LISTED RECORDS
[Start of section]

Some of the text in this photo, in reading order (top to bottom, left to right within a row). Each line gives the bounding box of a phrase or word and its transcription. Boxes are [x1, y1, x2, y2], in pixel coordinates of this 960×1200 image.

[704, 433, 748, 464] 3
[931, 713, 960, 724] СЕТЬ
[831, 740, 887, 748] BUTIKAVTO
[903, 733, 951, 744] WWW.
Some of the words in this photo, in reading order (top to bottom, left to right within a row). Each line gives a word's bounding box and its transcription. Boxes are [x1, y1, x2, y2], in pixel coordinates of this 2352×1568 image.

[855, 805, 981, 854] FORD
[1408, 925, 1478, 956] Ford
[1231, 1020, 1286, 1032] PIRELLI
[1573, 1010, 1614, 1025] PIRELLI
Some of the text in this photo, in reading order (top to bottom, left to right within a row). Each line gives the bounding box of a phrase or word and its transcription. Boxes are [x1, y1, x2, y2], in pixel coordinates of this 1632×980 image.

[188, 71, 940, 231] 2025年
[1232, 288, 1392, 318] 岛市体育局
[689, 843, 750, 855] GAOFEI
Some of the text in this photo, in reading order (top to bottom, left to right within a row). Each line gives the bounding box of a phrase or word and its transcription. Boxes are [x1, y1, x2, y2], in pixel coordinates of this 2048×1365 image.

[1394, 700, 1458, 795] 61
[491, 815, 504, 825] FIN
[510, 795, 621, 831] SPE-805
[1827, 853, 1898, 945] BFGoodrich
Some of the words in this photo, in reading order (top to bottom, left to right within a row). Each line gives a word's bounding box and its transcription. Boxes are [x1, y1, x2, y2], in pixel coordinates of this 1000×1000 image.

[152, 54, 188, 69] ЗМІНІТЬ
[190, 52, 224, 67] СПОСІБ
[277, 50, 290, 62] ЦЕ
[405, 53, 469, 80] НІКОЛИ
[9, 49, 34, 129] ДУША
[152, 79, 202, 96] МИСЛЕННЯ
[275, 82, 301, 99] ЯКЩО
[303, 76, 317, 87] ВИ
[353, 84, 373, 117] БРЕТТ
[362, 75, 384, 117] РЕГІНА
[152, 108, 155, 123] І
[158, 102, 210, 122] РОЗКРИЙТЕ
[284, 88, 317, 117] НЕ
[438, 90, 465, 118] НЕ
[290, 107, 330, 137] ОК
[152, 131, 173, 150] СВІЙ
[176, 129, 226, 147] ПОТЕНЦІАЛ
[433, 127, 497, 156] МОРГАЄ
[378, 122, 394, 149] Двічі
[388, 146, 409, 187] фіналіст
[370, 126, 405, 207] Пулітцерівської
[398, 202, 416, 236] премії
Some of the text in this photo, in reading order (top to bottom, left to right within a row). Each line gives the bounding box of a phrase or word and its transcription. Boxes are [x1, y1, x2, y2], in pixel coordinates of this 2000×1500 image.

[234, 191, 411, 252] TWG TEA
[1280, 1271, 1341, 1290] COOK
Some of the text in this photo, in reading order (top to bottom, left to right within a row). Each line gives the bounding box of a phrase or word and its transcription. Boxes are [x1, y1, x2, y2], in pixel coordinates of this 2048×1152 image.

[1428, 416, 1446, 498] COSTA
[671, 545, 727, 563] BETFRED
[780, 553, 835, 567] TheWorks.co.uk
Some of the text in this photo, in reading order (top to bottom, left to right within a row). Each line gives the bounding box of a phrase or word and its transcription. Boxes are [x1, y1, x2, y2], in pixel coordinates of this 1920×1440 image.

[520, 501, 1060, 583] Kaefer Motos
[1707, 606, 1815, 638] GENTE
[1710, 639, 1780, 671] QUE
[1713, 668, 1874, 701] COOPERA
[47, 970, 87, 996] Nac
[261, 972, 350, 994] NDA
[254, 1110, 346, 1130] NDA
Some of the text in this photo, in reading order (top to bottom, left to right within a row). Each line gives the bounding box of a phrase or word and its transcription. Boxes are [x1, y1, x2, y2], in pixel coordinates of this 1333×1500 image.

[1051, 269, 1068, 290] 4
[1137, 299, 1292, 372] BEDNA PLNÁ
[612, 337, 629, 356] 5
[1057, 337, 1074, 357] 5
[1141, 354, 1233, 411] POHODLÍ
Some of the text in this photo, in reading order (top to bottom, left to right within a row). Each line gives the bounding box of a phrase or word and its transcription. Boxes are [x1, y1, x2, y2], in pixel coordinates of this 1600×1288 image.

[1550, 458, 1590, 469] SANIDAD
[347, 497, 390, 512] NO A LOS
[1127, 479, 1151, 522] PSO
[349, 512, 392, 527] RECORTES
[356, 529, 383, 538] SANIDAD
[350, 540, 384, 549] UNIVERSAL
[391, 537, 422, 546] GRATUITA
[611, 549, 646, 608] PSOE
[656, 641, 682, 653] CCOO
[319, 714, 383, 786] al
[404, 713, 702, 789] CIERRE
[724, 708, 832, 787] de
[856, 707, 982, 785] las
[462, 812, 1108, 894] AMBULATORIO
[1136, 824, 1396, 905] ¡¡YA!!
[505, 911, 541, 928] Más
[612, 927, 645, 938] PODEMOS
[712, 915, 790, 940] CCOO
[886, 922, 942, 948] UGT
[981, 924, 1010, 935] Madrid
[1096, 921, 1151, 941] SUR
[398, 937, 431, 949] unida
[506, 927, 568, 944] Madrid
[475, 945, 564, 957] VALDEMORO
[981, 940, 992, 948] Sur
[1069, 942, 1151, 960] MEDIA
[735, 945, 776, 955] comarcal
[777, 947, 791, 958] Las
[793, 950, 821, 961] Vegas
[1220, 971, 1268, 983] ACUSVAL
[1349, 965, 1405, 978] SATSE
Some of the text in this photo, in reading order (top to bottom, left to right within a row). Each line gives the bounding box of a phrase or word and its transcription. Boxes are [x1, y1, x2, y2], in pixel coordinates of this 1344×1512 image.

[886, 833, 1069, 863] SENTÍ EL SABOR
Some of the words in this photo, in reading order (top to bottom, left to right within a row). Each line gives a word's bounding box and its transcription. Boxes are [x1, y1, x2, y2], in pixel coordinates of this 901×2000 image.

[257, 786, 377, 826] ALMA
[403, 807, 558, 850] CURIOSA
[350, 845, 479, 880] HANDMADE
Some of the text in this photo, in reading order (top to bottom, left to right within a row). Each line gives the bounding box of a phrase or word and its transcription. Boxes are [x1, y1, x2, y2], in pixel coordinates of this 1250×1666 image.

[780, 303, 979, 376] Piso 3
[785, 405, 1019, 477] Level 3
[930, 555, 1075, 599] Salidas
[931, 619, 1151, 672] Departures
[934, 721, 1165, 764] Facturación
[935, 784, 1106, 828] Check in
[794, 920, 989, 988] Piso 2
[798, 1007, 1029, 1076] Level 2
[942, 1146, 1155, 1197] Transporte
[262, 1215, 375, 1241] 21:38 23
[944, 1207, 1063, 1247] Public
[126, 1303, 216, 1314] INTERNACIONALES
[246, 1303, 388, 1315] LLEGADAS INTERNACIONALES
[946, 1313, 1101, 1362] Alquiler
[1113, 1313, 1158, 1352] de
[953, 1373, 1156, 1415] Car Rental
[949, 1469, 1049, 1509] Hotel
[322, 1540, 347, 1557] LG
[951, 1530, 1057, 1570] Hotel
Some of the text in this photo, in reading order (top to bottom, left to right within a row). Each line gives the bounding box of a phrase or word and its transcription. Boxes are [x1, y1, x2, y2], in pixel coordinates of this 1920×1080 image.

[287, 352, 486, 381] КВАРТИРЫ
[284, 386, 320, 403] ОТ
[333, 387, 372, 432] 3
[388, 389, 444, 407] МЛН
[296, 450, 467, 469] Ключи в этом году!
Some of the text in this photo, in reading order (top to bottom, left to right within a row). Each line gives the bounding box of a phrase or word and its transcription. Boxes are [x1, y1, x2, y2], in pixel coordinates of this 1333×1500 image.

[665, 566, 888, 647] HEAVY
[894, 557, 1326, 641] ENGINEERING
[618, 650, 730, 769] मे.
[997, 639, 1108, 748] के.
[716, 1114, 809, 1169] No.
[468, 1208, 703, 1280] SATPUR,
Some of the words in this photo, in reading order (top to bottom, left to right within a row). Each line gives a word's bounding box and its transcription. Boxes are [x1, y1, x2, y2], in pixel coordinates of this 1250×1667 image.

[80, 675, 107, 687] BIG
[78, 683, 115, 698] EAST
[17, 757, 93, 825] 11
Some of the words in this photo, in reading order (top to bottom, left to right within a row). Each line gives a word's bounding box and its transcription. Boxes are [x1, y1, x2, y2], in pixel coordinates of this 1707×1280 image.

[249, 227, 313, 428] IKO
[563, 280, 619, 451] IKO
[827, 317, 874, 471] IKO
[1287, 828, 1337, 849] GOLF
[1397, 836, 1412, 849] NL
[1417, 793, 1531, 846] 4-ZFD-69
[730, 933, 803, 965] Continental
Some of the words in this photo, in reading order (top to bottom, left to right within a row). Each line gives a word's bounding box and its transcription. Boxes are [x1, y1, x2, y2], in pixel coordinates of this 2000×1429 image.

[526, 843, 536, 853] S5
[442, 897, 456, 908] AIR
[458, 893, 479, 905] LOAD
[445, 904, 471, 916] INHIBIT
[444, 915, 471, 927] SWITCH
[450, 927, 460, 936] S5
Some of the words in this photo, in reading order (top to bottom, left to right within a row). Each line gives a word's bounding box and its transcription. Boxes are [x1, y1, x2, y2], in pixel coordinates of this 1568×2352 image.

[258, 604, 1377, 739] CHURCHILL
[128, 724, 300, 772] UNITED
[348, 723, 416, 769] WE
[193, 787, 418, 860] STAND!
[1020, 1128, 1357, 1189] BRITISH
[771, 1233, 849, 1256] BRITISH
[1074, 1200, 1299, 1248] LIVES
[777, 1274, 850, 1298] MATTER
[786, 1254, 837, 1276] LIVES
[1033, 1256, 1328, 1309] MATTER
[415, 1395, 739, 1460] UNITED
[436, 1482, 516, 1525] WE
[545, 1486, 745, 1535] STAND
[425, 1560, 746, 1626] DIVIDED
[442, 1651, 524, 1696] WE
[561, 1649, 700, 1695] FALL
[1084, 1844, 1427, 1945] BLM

[End of section]

EXERCISE OBJECTIVE
Beginning at the line that holds "this 1568×2352 image.", copy every line through the end of the entries exactly as given, and only those lines.

EXERCISE ANSWER
Some of the words in this photo, in reading order (top to bottom, left to right within a row). Each line gives a word's bounding box and its transcription. Boxes are [x1, y1, x2, y2], in pixel coordinates of this 1568×2352 image.

[258, 604, 1377, 739] CHURCHILL
[128, 724, 300, 772] UNITED
[348, 723, 416, 769] WE
[193, 787, 418, 860] STAND!
[1020, 1128, 1357, 1189] BRITISH
[771, 1233, 849, 1256] BRITISH
[1074, 1200, 1299, 1248] LIVES
[777, 1274, 850, 1298] MATTER
[786, 1254, 837, 1276] LIVES
[1033, 1256, 1328, 1309] MATTER
[415, 1395, 739, 1460] UNITED
[436, 1482, 516, 1525] WE
[545, 1486, 745, 1535] STAND
[425, 1560, 746, 1626] DIVIDED
[442, 1651, 524, 1696] WE
[561, 1649, 700, 1695] FALL
[1084, 1844, 1427, 1945] BLM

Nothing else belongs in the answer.